Please reproduce the entries below exactly, omitting any images they contain.

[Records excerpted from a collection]
+ + + +
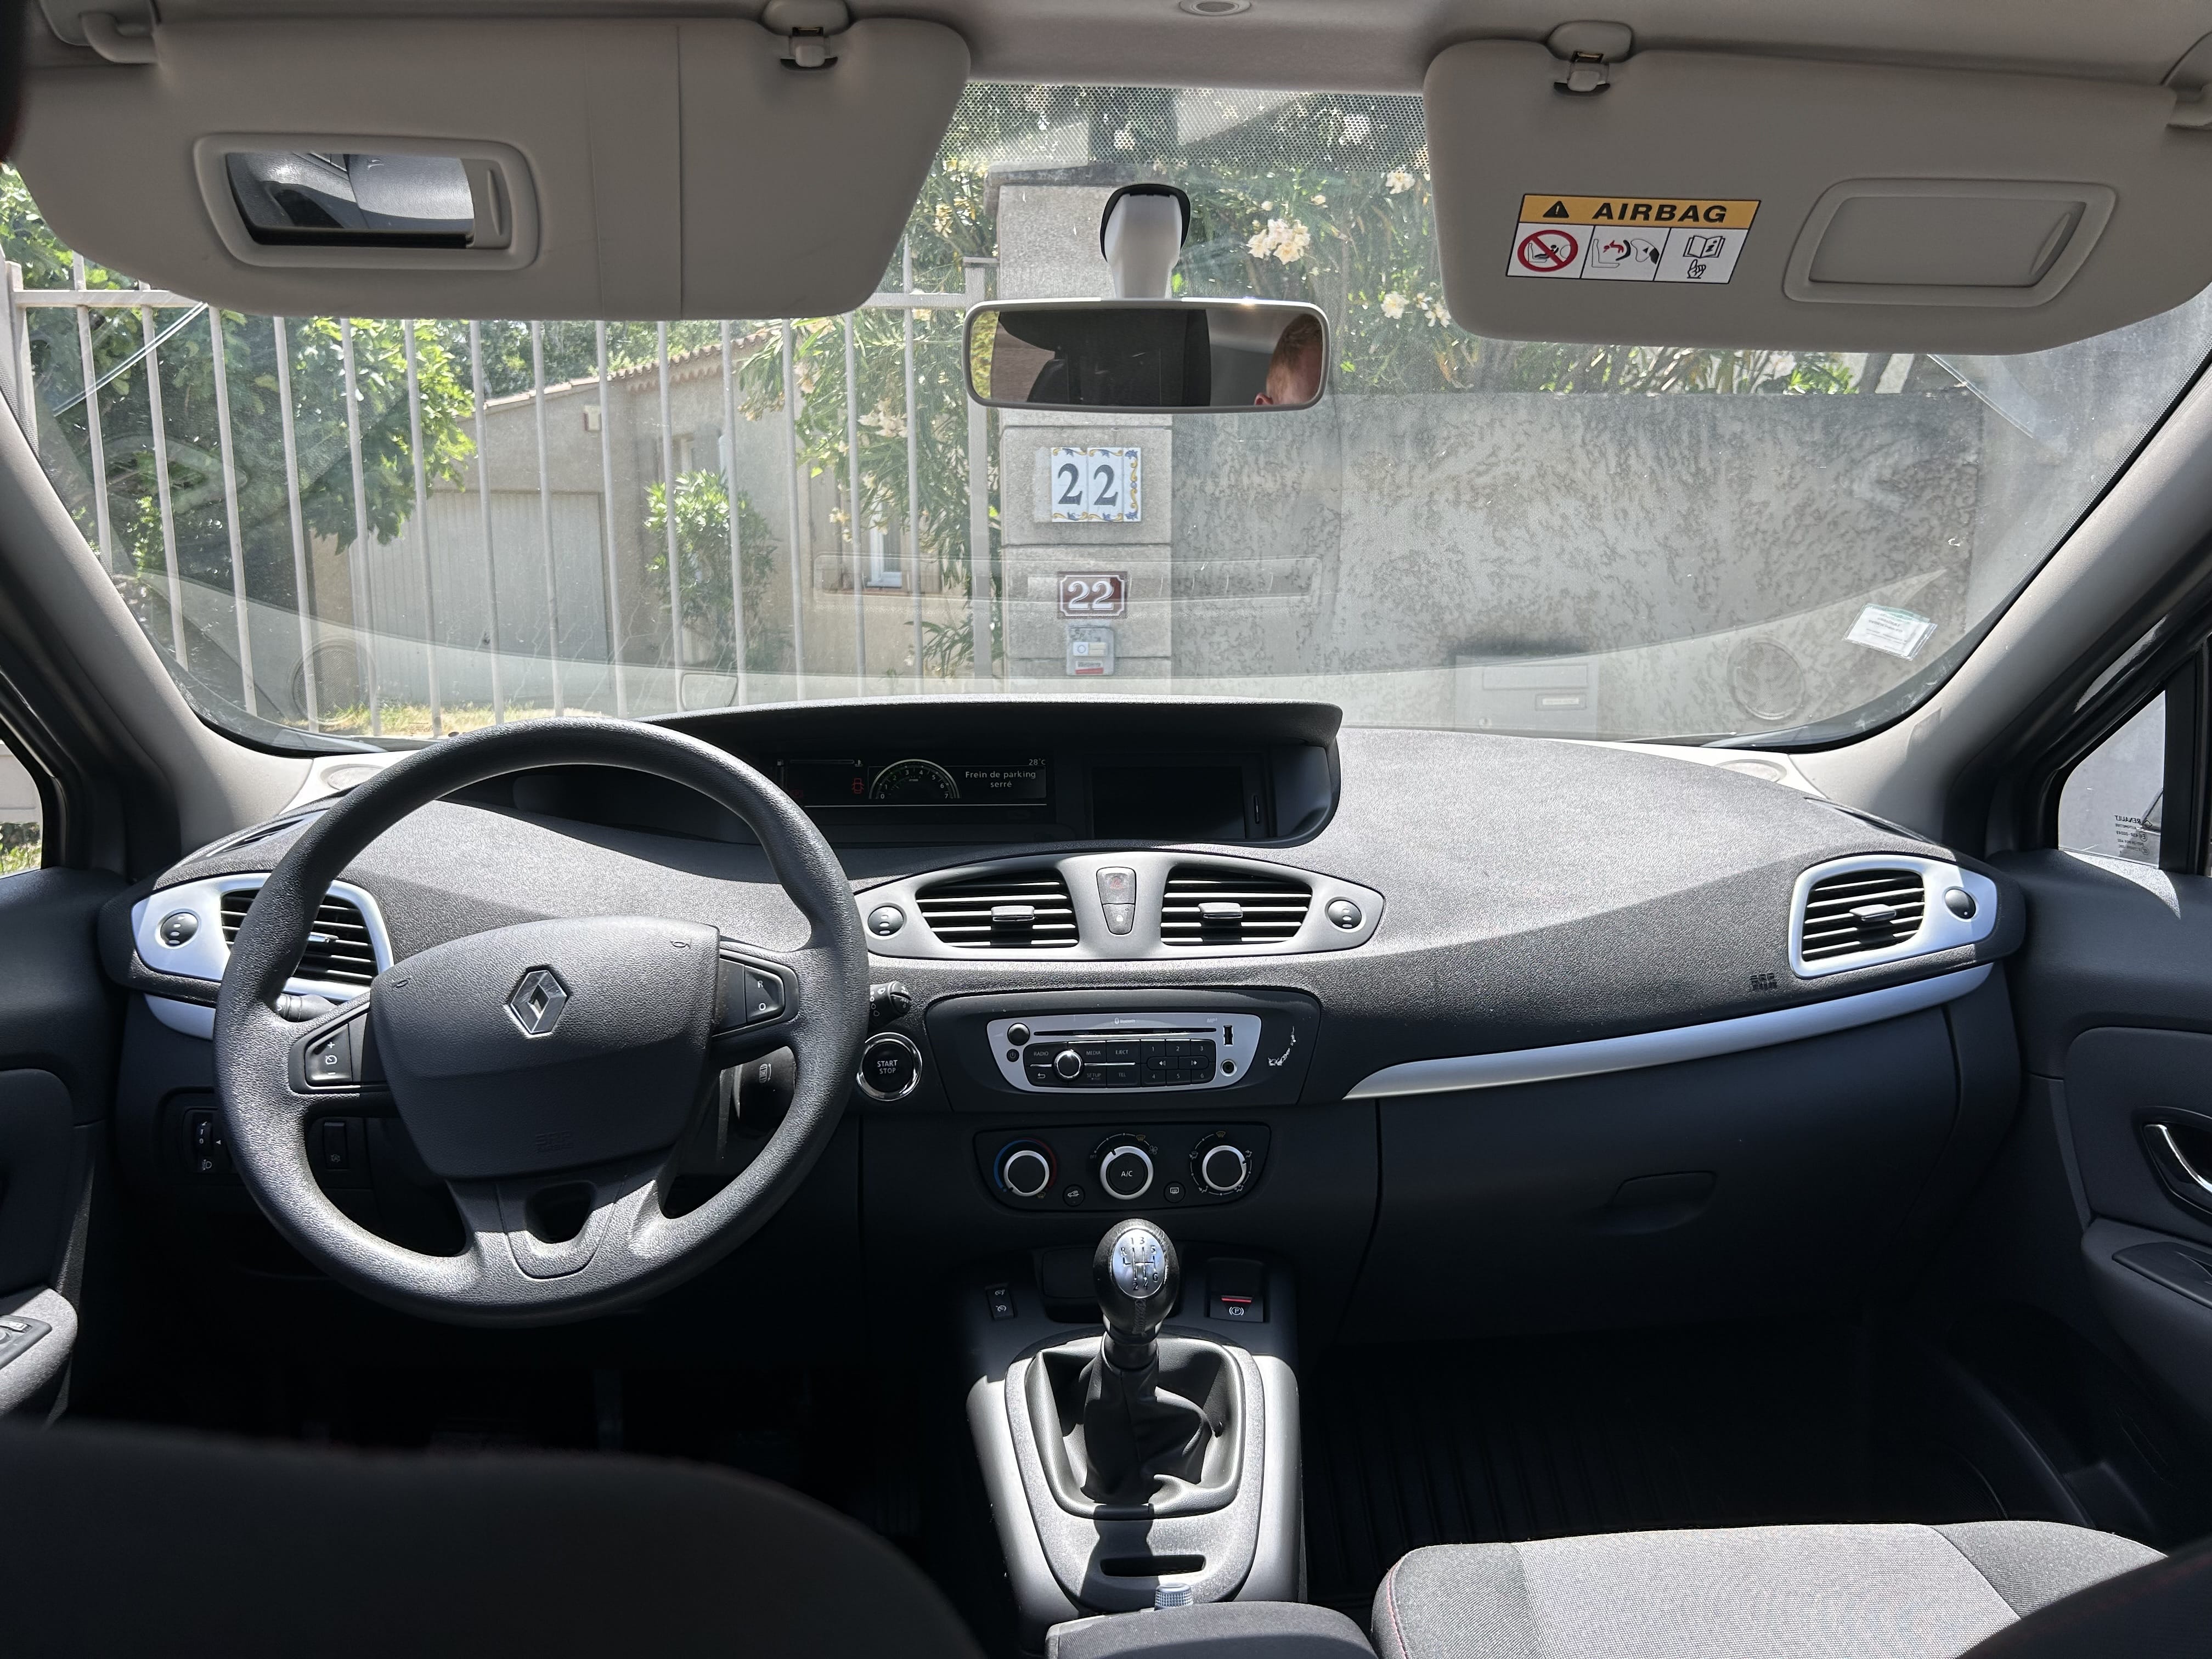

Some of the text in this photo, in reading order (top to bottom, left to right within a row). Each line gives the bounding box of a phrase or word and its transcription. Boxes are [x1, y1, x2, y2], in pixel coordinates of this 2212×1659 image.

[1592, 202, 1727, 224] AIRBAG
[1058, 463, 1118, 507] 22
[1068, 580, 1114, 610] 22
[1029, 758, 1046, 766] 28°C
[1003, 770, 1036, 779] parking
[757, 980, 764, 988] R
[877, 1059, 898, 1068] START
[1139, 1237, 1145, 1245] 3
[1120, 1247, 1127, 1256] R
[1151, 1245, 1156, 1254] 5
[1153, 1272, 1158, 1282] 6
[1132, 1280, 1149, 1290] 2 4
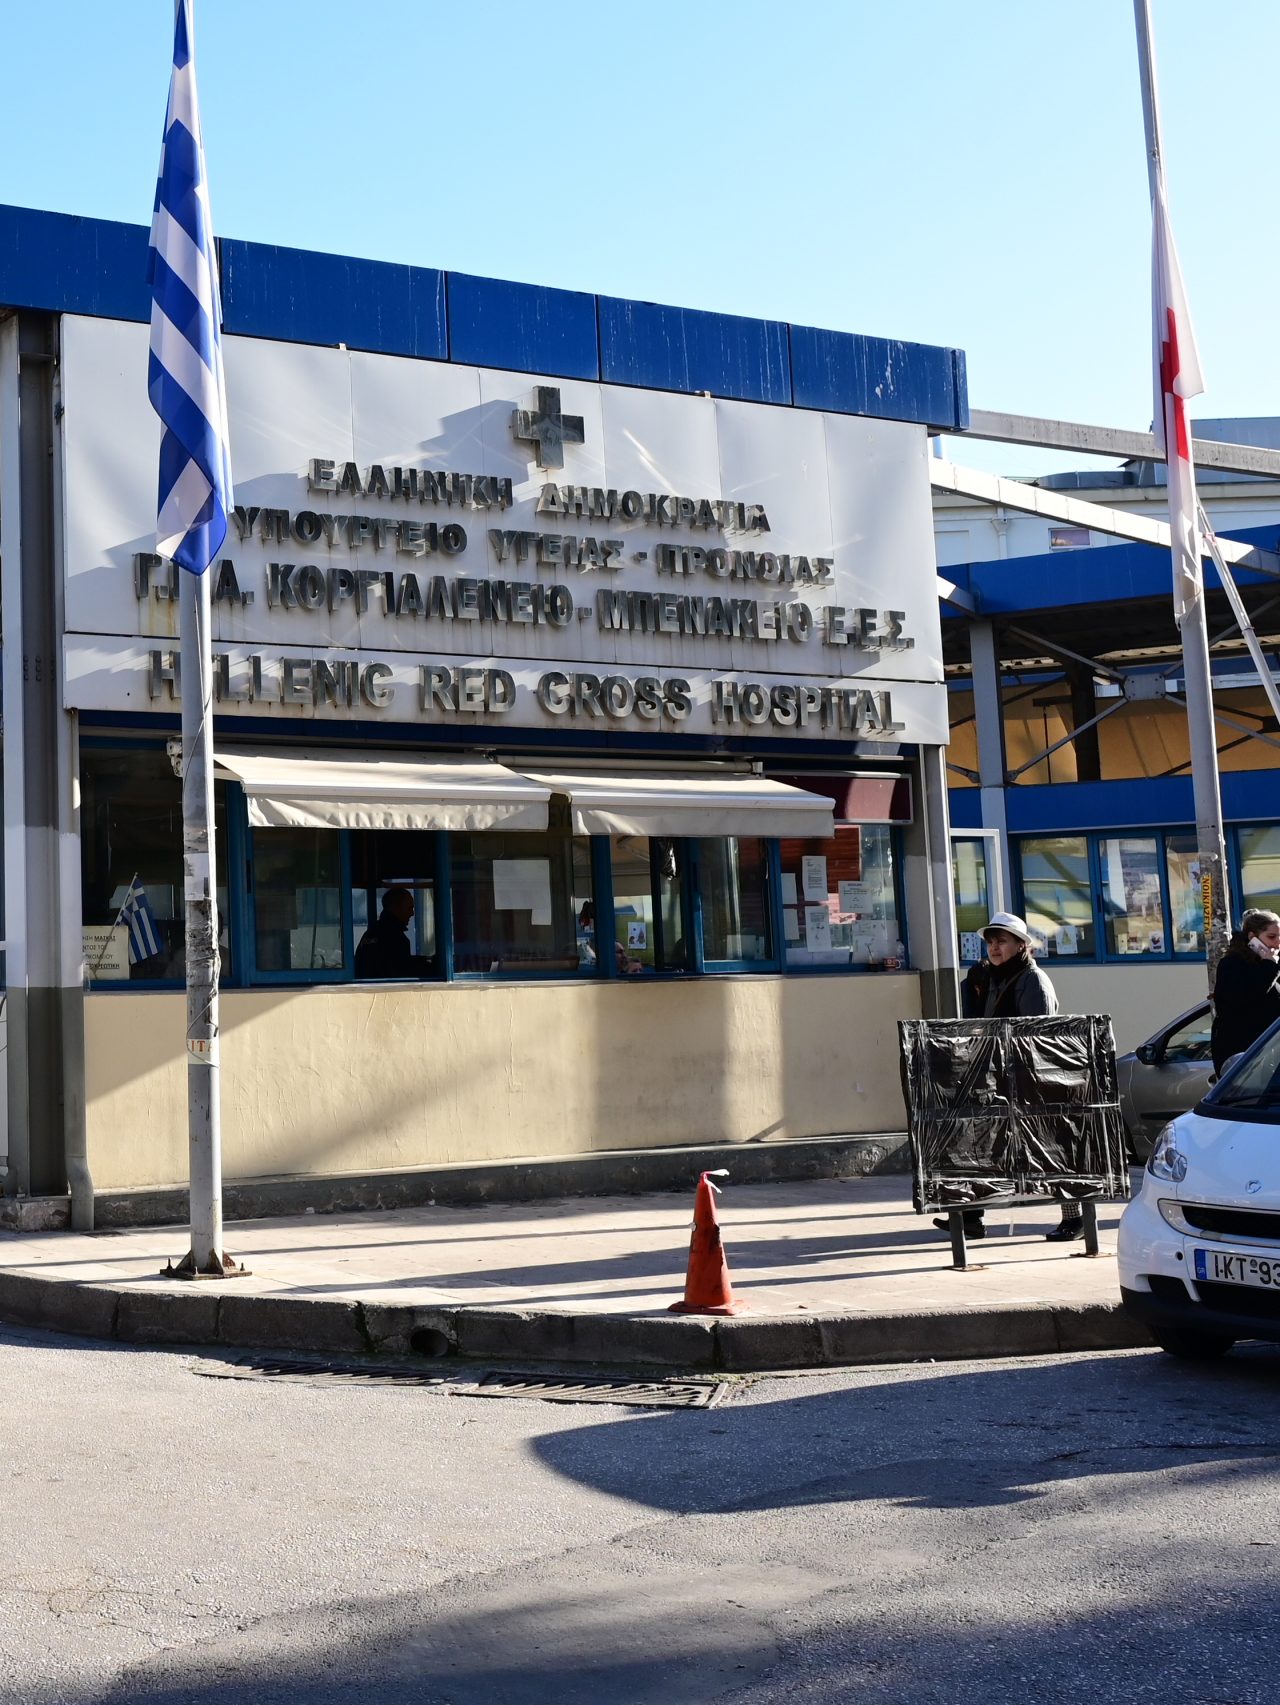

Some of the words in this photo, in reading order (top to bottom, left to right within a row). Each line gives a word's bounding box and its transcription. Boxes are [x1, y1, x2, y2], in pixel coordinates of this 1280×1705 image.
+ + + +
§ Response area
Some of the text in this photo, in reading order (top to bottom, left to right within a row). Each line gives the bounding box of a phrase or word and its transcription. Boxes are [x1, y1, x2, y2], in pixel coordinates of this 2212×1659 image.

[1592, 202, 1727, 224] AIRBAG
[1058, 463, 1118, 507] 22
[1068, 580, 1114, 610] 22
[1029, 758, 1046, 766] 28°C
[1003, 770, 1036, 779] parking
[757, 980, 764, 988] R
[877, 1059, 898, 1068] START
[1139, 1237, 1145, 1245] 3
[1120, 1247, 1127, 1256] R
[1151, 1245, 1156, 1254] 5
[1153, 1272, 1158, 1282] 6
[1132, 1280, 1149, 1290] 2 4

Some of the words in this photo, in reading order (top to bottom, left to right within a row). Each line gives a word's bounding box and its transcription. Boxes are [x1, y1, x2, y2], in pixel coordinates of this 1280×1705 image.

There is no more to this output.